Les Wisigoths (« Goths sages » ou, comme dans le mot allemand et néerlandais Westgoten, « Goths de l'ouest ») ou Tervinges (« peuple de la forêt ») étaient un peuple germanique issu des Goths. Les Wisigoths sont ceux qui, migrant depuis la région de la mer Noire, s'installèrent vers 270-275 dans la province romaine abandonnée de Dacie (actuelle Roumanie), au sein de l'Empire romain, alors que les Ostrogoths s'installèrent, pour leur part, en Sarmatie (actuelle Ukraine). Les Wisigoths migrèrent à nouveau vers l'ouest dès 376 et vécurent au sein de l'Empire romain d'Occident, en Hispanie et en Aquitaine. Les Ostrogoths, eux, migrèrent aussi vers l'ouest, mais plus tard que les Wisigoths, et vécurent en Italie. Wisigoths et Ostrogoths sont classés dans la branche ostique des peuples germaniques.
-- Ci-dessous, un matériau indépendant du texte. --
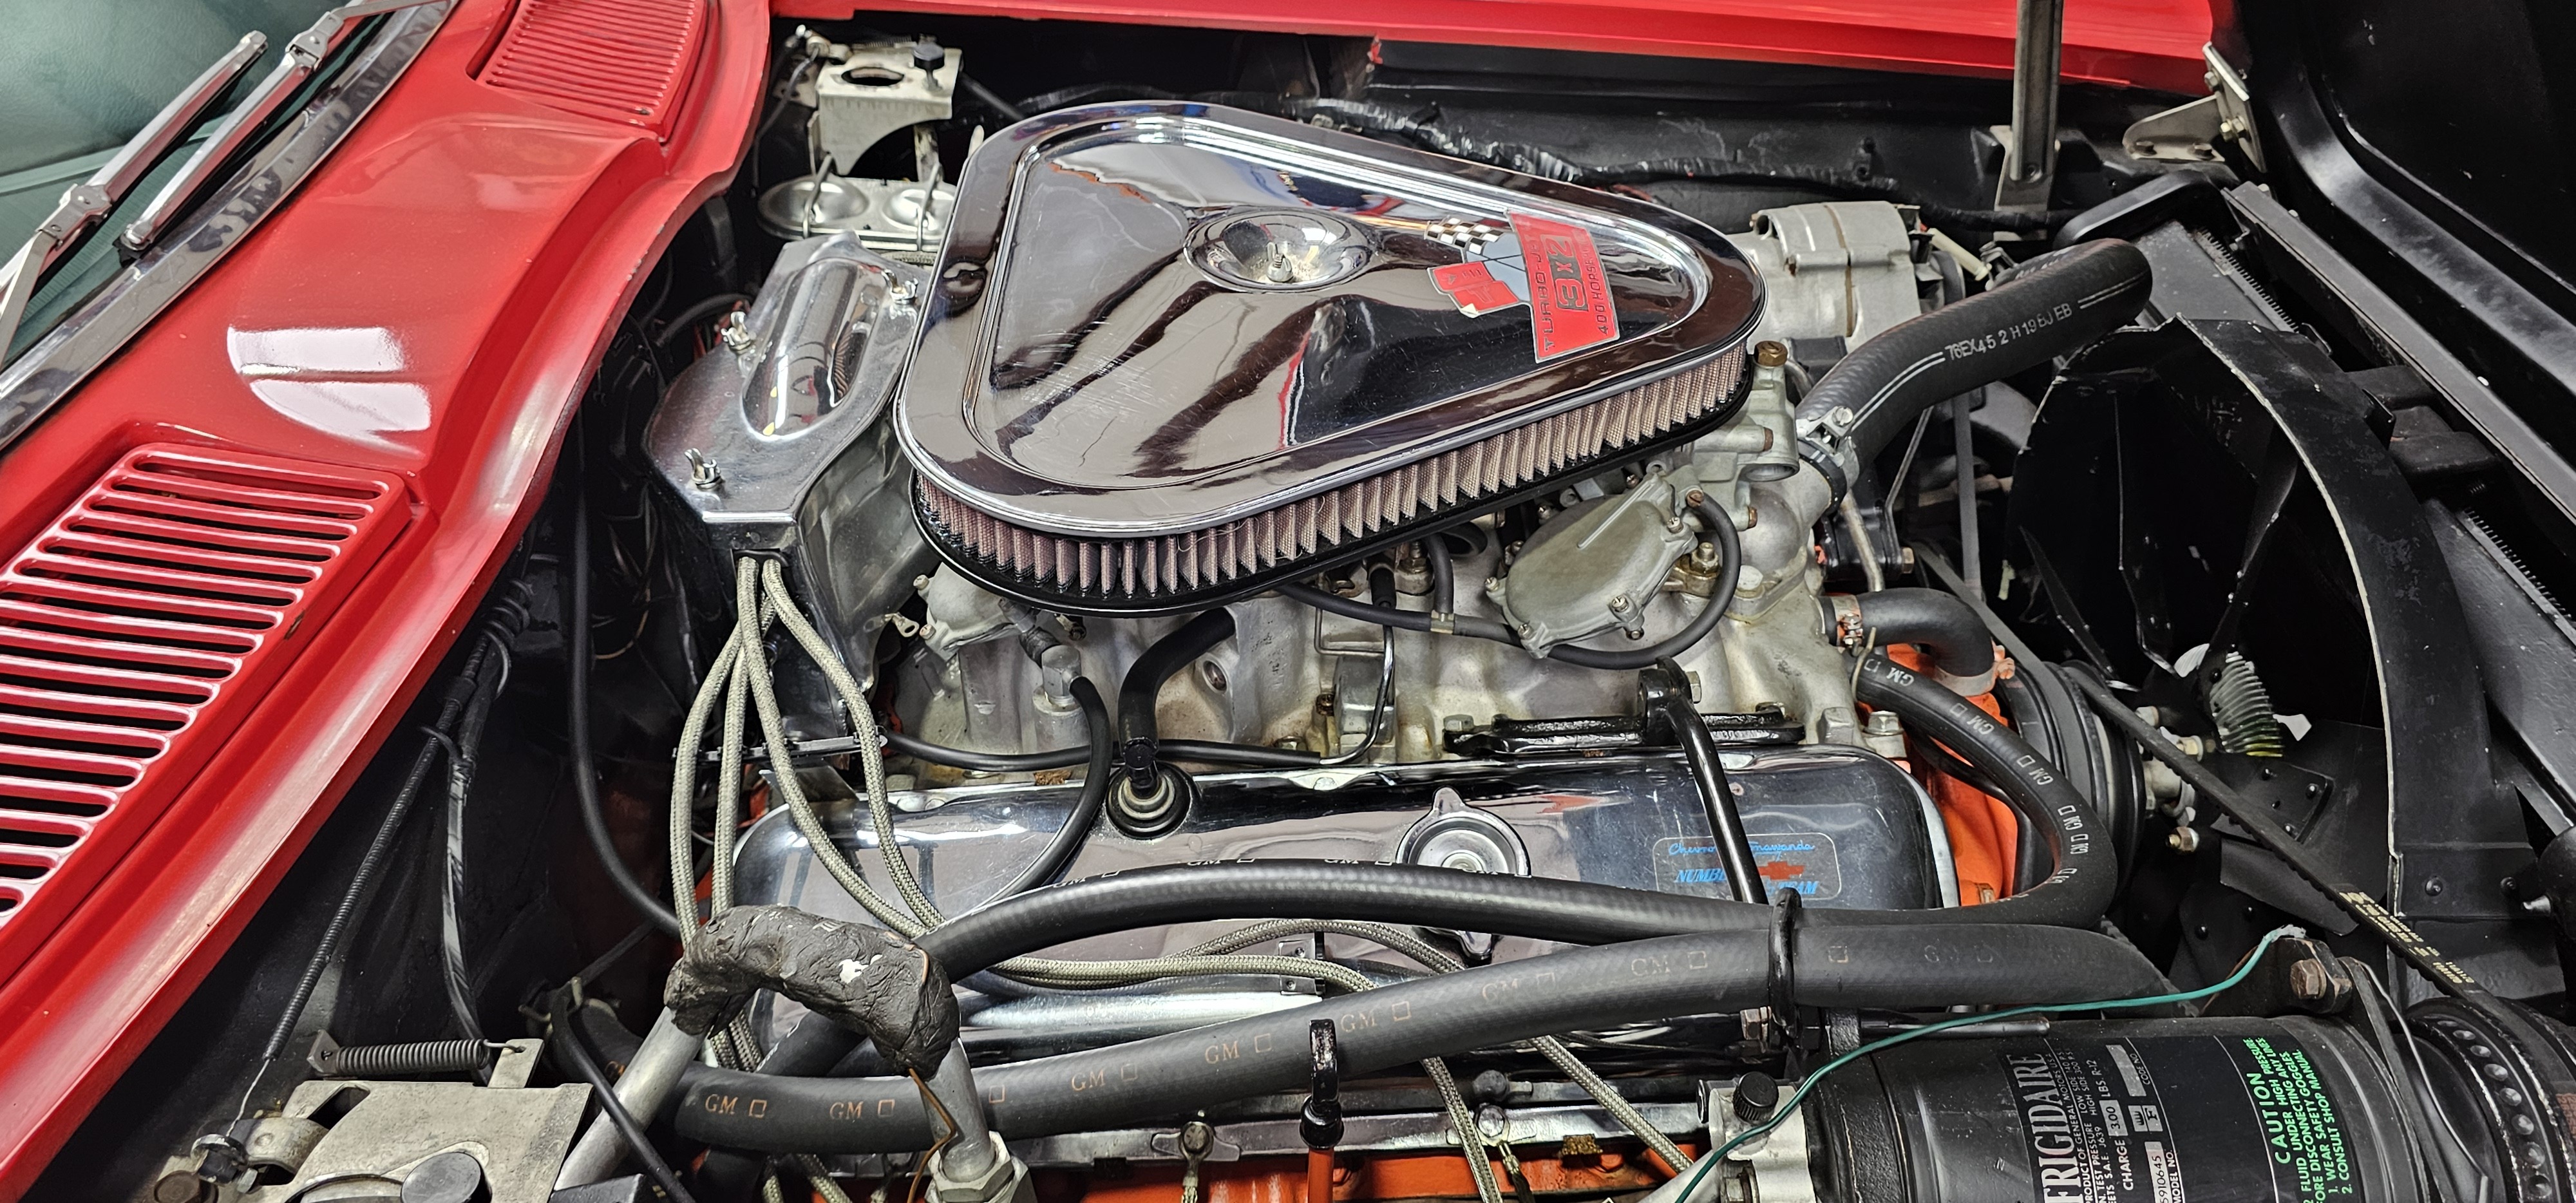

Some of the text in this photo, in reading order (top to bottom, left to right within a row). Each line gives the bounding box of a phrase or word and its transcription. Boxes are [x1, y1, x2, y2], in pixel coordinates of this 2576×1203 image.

[1573, 230, 1609, 336] 400 HORSEP
[1886, 667, 1915, 687] GM
[1966, 715, 1994, 735] GM
[2029, 767, 2054, 785] GM
[1669, 842, 1716, 856] Chevro
[1482, 978, 1520, 1003] GM
[1340, 1011, 1376, 1033] GM
[1204, 1043, 1240, 1065] GM
[2071, 1061, 2083, 1074] 300
[2087, 1059, 2102, 1075] R-12
[2136, 1066, 2150, 1085] CODE
[2270, 1059, 2289, 1078] ANY
[1071, 1070, 1105, 1092] GM
[2053, 1070, 2071, 1101] MOTORS
[2069, 1076, 2081, 1092] SIDE
[2078, 1076, 2090, 1092] SIDE
[2076, 1094, 2088, 1113] LOW
[2268, 1079, 2289, 1106] HIGH
[705, 1095, 736, 1115] GM
[829, 1101, 862, 1121] GM
[2085, 1094, 2098, 1115] HIGH
[2007, 1052, 2084, 1203] FRIGIDAIRE
[2067, 1104, 2083, 1144] GENERAL
[2106, 1106, 2121, 1130] 3.00
[2246, 1073, 2291, 1164] CAUTION
[2282, 1080, 2321, 1171] DISCONNECTING
[2292, 1049, 2353, 1194] 2. CONSULT SHOP MANUAL.
[2304, 1099, 2327, 1139] SAFETY
[2094, 1126, 2107, 1148] J639
[2282, 1112, 2303, 1151] UNDER
[2077, 1147, 2087, 1160] OF
[2084, 1122, 2101, 1166] PRESSURE
[2114, 1139, 2134, 1191] CHARGE
[2319, 1144, 2336, 1181] WEAR
[2094, 1170, 2105, 1191] TEST
[2296, 1157, 2312, 1191] FLUID
[2313, 1176, 2326, 1203] ORE
Après la chute de l'Empire romain d'Occident (476), les Wisigoths ont continué pendant près de 250 ans à jouer un rôle important en Europe occidentale. C'est l'un des peuples barbares les plus prestigieux d'Europe, tant par sa longue histoire et ses origines mythiques, que par les traces qu'il laissa longtemps dans les esprits.

Wisigoths

Les aigles représentés sur ces fibules du VIe siècle, et trouvés à Tierra de Barros (Badajoz), étaient un symbole populaire parmi les Goths en Espagne.
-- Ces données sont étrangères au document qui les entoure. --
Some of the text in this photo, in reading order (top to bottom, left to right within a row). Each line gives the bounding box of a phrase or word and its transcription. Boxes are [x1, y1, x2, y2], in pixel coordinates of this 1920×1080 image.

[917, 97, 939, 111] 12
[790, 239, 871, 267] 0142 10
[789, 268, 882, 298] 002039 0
Période IIIe - VIIIe de notre ère
Ethnie Germains
Langue(s) langues germaniques
Religion paganisme, puis arianisme
Région d'origine nord de la mer Noire, Dacie, puis Europe occidentale, notamment Espagne et Sud de la Gaule
Rois/monarques Ariaric, Alaric Ier, Athaulf, Théodoric Ier

Alors qu'ils occupent l'ancienne province romaine de Dacie depuis la fin du IIIe siècle, les Wisigoths adoptent peu à peu l'arianisme, à partir de l'année 341, c'est-à-dire une forme du christianisme qui affirme que Jésus-Christ n'est pas Dieu, mais un être distinct créé directement par ce dernier. Cette croyance est en opposition avec l'orthodoxie chrétienne, majoritaire dans l'empire romain quand les Wisigoths s'y installent. Officiellement, les Wisigoths restent fidèles à cette foi, qualifiée d'« hérésie » par l'Église trinitaire, jusqu'en 589, lorsque le roi Récarède Ier (en espagnol : Recaredo) choisit de se convertir publiquement, faisant ainsi joindre officiellement l'Église trinitaire au royaume wisigothique d'Espagne. Toutefois, même après cette date, un parti arien demeure fort actif et influent, notamment dans la noblesse jusqu'au début du VIIIe siècle dans les derniers jours du royaume.

Étymologie

Évolution des Ostrogoths et des Wisigoths, Ier – Ve siècles.
Migrations wisigothes.

Le terme de « wisigoth » est une invention du VIe siècle. Cassiodore, un Romain au service de Théodoric le Grand, inventa le terme Visigothi en combinant les termes Visi et gothi pour faire pendant à celui d’Ostrogothi, termes qu'il considérait comme signifiant respectivement « Goths de l'Ouest » et « Goths de l'Est ». Cassiodore utilise le terme de « Goths » pour se référer uniquement aux Ostrogoths, qu'il a servis, et réserve le terme géographique « Wisigoths » pour les Goths gallo-espagnols. Cet usage, cependant, a été adopté par les Wisigoths eux-mêmes dans leurs communications avec l'Empire byzantin et était encore en usage au VIIe siècle.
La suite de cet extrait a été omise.